June 6, 2011 § Leave a comment
Yesterday was the 2nd weigh-in on this particular weight loss journey. I expected a gain after eating rather piggish at two different events/parties this past week. I also hardly worked out because it’s been killing my knees (hoping that someday stops).
Despite all these factors, I managed to lose 0.6 pounds. Not a huge loss, but it’s still a loss. As for that I can’t really complain.
I just wish I wasn’t so hungry all the time when I actually stuck to the plan. I try to eat fiber and protein and drink lots of water to feel more full, but it isn’t working. Ugh.
Let’s see what this week brings.
June 1, 2011 § 1 Comment
After a really bad eating day Monday and forgetting to eat for the majority of yesterday, I’m getting back on track today. I went to the gym and got some cardio in (after a good breakfast of course) and have tracked all food and activity today so far.
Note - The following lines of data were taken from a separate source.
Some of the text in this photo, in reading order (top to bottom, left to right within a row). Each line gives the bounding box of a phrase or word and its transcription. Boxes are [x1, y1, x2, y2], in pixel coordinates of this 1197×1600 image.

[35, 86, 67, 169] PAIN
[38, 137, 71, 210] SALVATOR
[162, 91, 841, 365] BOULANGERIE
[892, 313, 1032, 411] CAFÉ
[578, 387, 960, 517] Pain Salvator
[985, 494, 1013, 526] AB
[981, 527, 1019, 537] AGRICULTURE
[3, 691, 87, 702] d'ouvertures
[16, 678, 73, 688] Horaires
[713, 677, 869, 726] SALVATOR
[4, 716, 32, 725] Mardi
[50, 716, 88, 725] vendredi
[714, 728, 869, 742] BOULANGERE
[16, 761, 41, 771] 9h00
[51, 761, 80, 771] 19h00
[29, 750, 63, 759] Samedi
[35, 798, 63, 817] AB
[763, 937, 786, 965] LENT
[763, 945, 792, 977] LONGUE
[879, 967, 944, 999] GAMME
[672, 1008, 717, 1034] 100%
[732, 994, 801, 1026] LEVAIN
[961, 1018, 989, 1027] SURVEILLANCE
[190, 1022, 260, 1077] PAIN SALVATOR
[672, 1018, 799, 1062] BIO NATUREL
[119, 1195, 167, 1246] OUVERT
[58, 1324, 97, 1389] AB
I was kind of bummed because the shorts I wanted to wear tonight are way too small, but instead of pigging out like I would normally do to make myself feel better, I’m going to try to make fitting into them this summer a goal. Well, they’re not way to small — they’re like one size too small. Maybe being able to wear them by the 4th of July is a reasonable goal?
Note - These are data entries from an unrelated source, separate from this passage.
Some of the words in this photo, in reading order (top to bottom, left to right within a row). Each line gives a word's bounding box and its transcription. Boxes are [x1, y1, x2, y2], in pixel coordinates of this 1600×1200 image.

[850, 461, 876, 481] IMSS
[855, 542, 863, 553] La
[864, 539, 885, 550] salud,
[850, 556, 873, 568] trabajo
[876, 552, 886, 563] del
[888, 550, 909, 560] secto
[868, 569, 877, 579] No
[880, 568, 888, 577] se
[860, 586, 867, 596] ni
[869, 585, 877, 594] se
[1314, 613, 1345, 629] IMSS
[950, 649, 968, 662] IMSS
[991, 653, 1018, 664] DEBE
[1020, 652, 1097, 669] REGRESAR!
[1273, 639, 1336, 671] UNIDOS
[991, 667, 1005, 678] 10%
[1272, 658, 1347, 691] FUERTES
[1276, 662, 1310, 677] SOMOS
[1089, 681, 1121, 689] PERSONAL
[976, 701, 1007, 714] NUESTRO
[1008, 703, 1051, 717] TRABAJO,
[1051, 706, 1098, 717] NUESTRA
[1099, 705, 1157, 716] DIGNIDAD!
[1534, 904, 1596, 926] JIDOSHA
We went grocery shopping last night and didn’t buy any junk food. Lots of fruit and fresh veggies. Cereal, yogurt, whole grain bread, turkey sausage, blah blah blah. We did got to the Olive Garden for dinner last night but I made sure to only eat half of my meal and save the other half for lunch today. Usually I gorge myself and grossly overeat there, but I didn’t! Hooray for non-scale victories.
Tonight, my best girl and I are headed to Cirque de Soleil TOTEM. I’ve never seen Cirque so I’m super excited. She’s making us some sort of yummy dinner first, she’s an awesome cook, can’t wait.